-- Dataset extract follows --

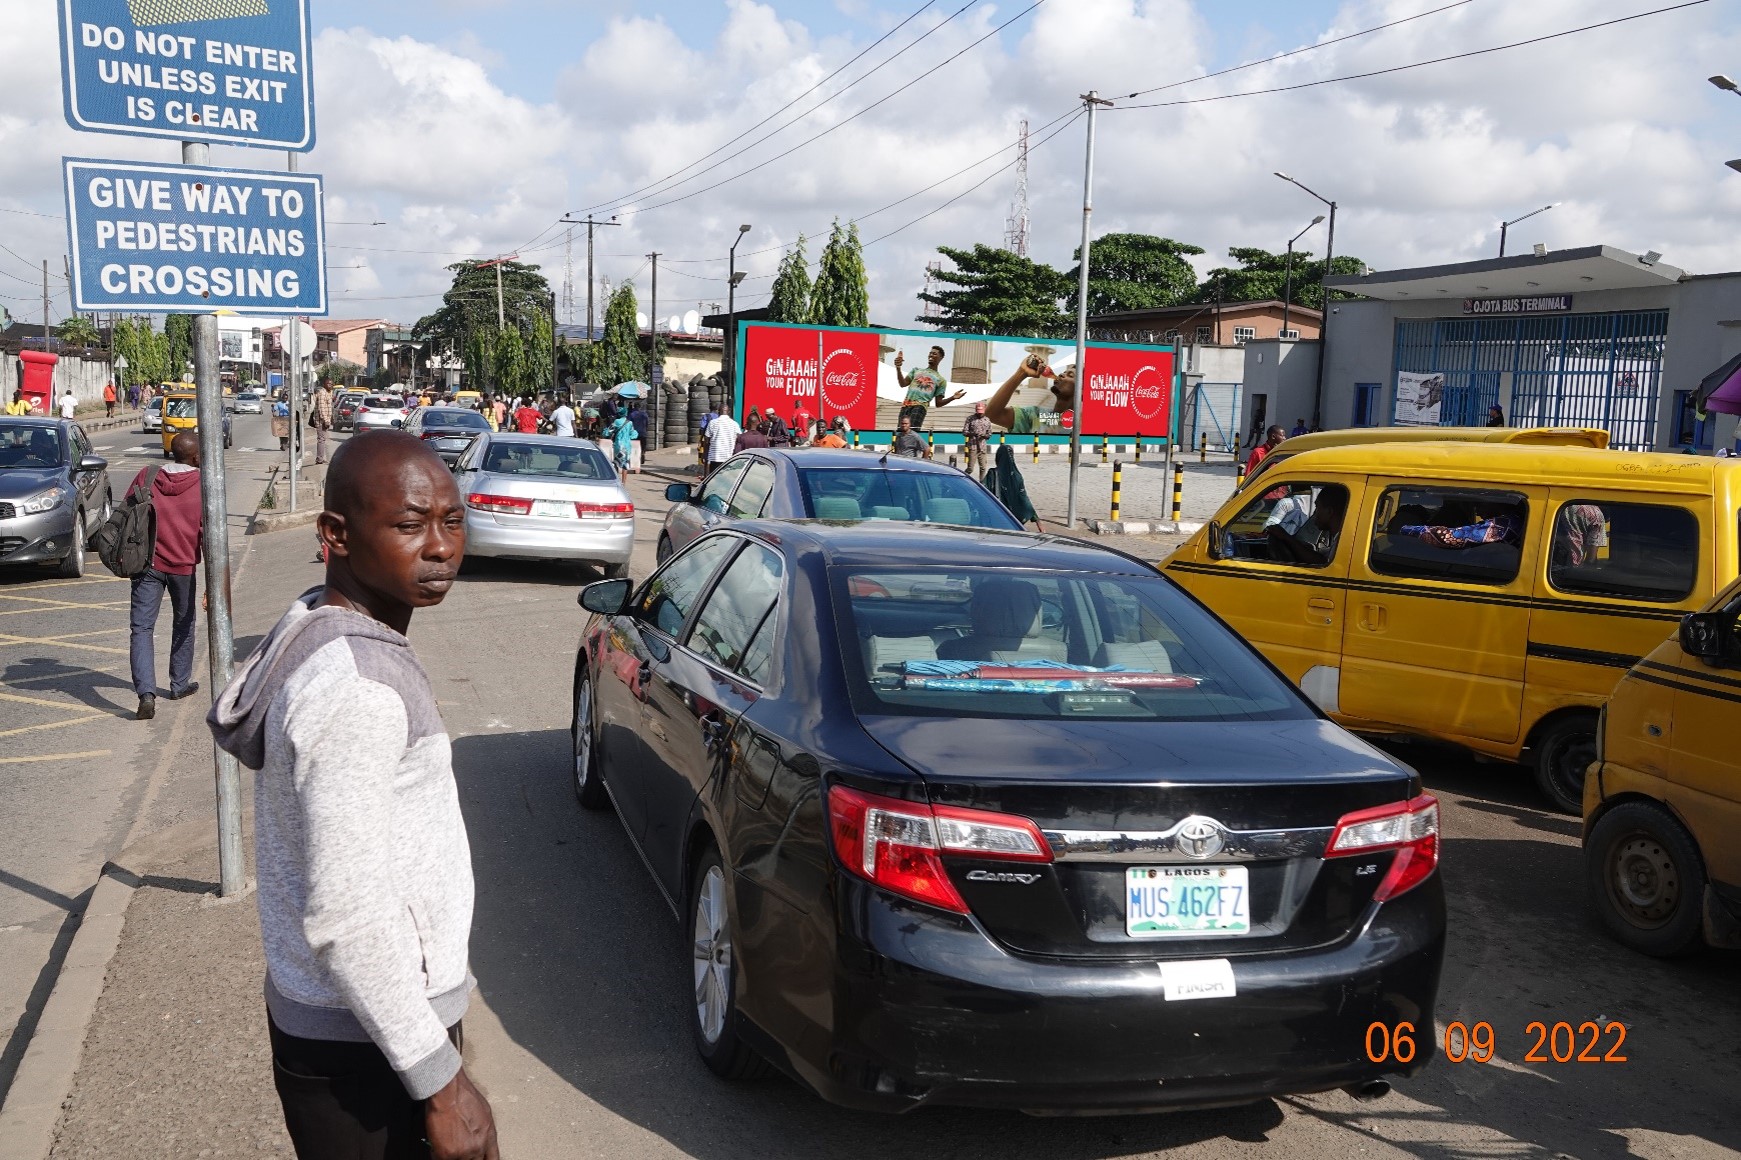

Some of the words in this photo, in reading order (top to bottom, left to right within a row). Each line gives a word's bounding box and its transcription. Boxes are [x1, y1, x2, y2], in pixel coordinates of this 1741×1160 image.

[82, 23, 124, 50] DO
[135, 30, 196, 60] NOT
[206, 40, 297, 74] ENTER
[99, 59, 216, 95] UNLESS
[225, 75, 287, 103] EXIT
[127, 96, 155, 120] IS
[165, 101, 258, 131] CLEAR
[89, 177, 172, 210] GIVE
[181, 183, 252, 215] WAY
[262, 188, 303, 218] TO
[96, 220, 304, 257] PEDESTRIANS
[101, 264, 299, 298] CROSSING
[1473, 300, 1500, 313] OJOTA
[1501, 298, 1520, 312] BUS
[1521, 296, 1567, 311] TERMINAL
[765, 377, 784, 388] YOUR
[786, 378, 817, 396] FLOW
[1090, 390, 1104, 401] YOUR
[1105, 391, 1129, 407] FLOW
[1165, 868, 1211, 876] LAGOS
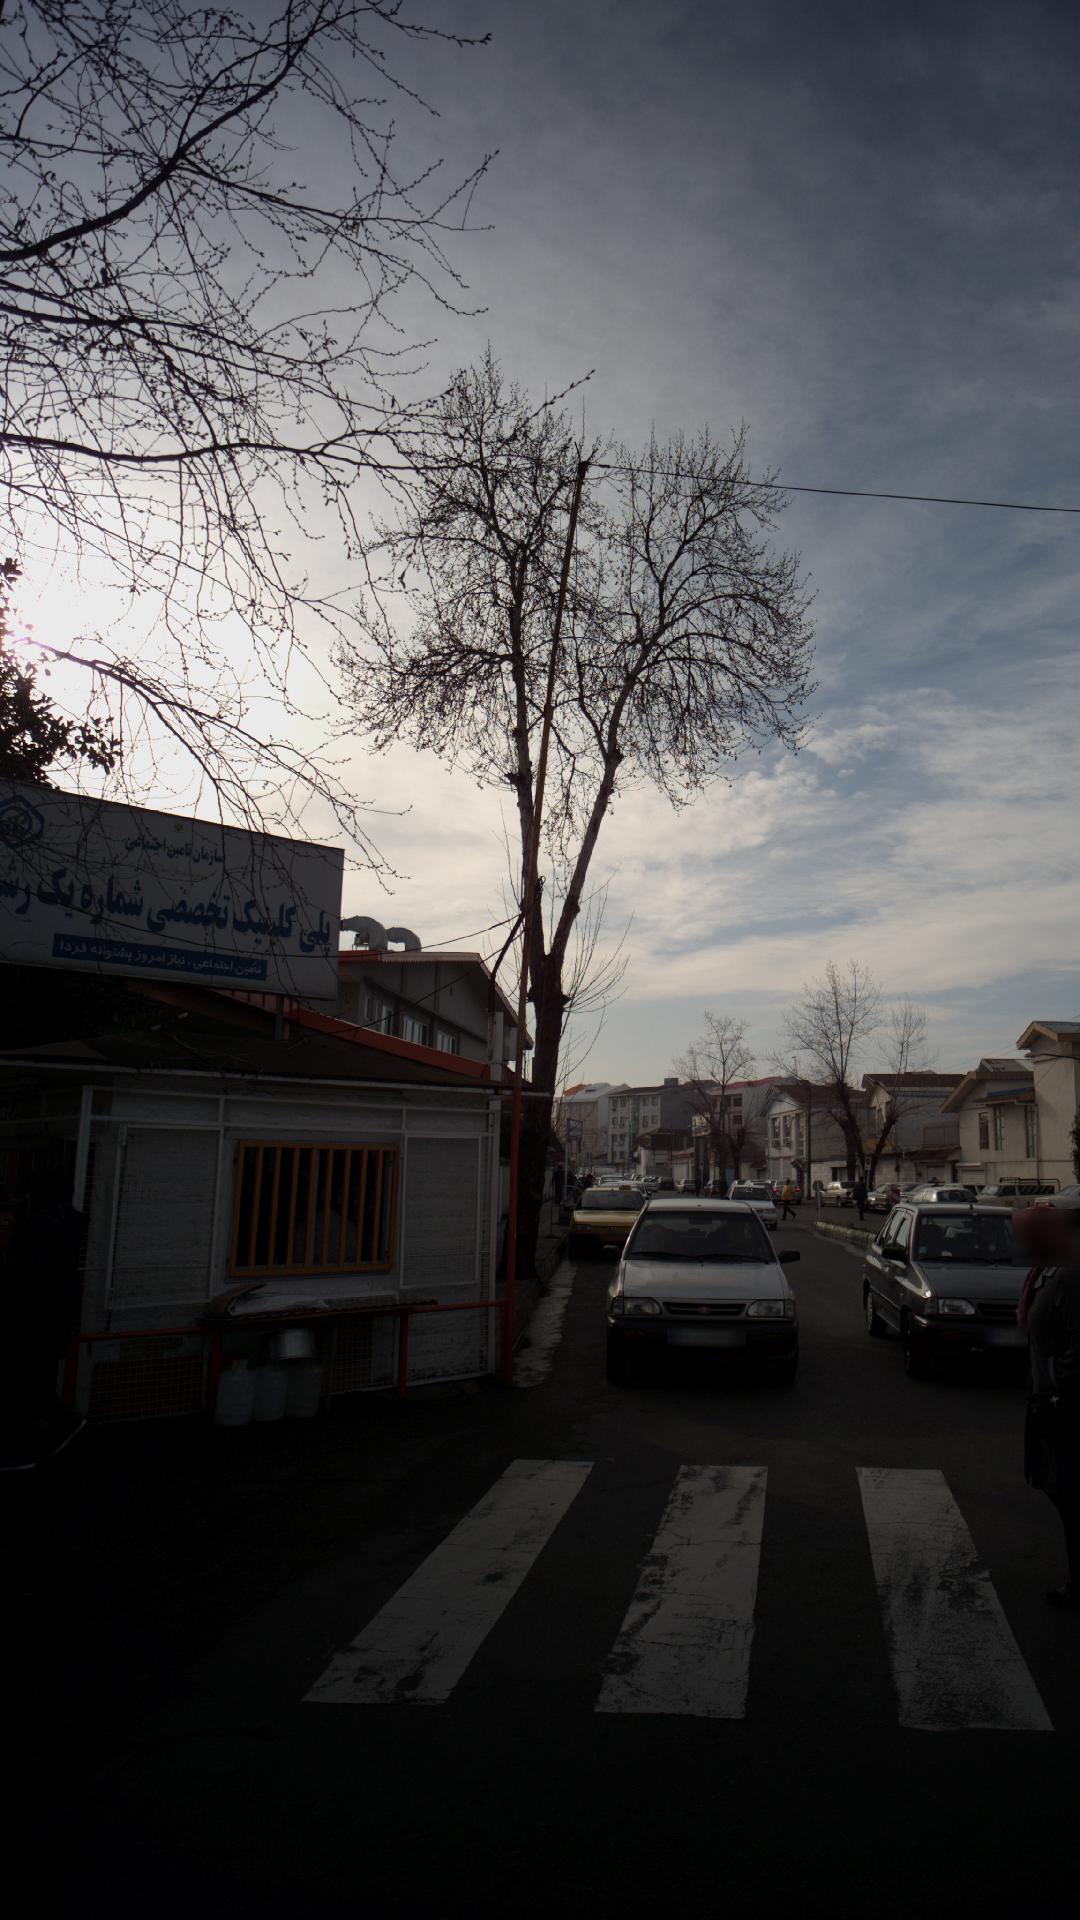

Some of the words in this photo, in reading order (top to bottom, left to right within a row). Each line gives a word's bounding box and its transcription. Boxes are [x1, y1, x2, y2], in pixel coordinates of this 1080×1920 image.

[193, 845, 224, 866] سازمان
[0, 857, 31, 914] رش
[37, 863, 74, 919] یک
[80, 875, 144, 924] شماره
[147, 894, 229, 932] تخصصی
[59, 939, 88, 955] فردا
[299, 910, 331, 960] پلی
[134, 950, 166, 964] امروز
[166, 953, 186, 967] نیاز

-- Dataset extract concluded --

◆ **What you will do**
Quote each record exactly as it stands, minus the pictures.

◆ **Your solution**
Some of the words in this photo, in reading order (top to bottom, left to right within a row). Each line gives a word's bounding box and its transcription. Boxes are [x1, y1, x2, y2], in pixel coordinates of this 1741×1160 image.

[82, 23, 124, 50] DO
[135, 30, 196, 60] NOT
[206, 40, 297, 74] ENTER
[99, 59, 216, 95] UNLESS
[225, 75, 287, 103] EXIT
[127, 96, 155, 120] IS
[165, 101, 258, 131] CLEAR
[89, 177, 172, 210] GIVE
[181, 183, 252, 215] WAY
[262, 188, 303, 218] TO
[96, 220, 304, 257] PEDESTRIANS
[101, 264, 299, 298] CROSSING
[1473, 300, 1500, 313] OJOTA
[1501, 298, 1520, 312] BUS
[1521, 296, 1567, 311] TERMINAL
[765, 377, 784, 388] YOUR
[786, 378, 817, 396] FLOW
[1090, 390, 1104, 401] YOUR
[1105, 391, 1129, 407] FLOW
[1165, 868, 1211, 876] LAGOS

Some of the words in this photo, in reading order (top to bottom, left to right within a row). Each line gives a word's bounding box and its transcription. Boxes are [x1, y1, x2, y2], in pixel coordinates of this 1080×1920 image.

[193, 845, 224, 866] سازمان
[0, 857, 31, 914] رش
[37, 863, 74, 919] یک
[80, 875, 144, 924] شماره
[147, 894, 229, 932] تخصصی
[59, 939, 88, 955] فردا
[299, 910, 331, 960] پلی
[134, 950, 166, 964] امروز
[166, 953, 186, 967] نیاز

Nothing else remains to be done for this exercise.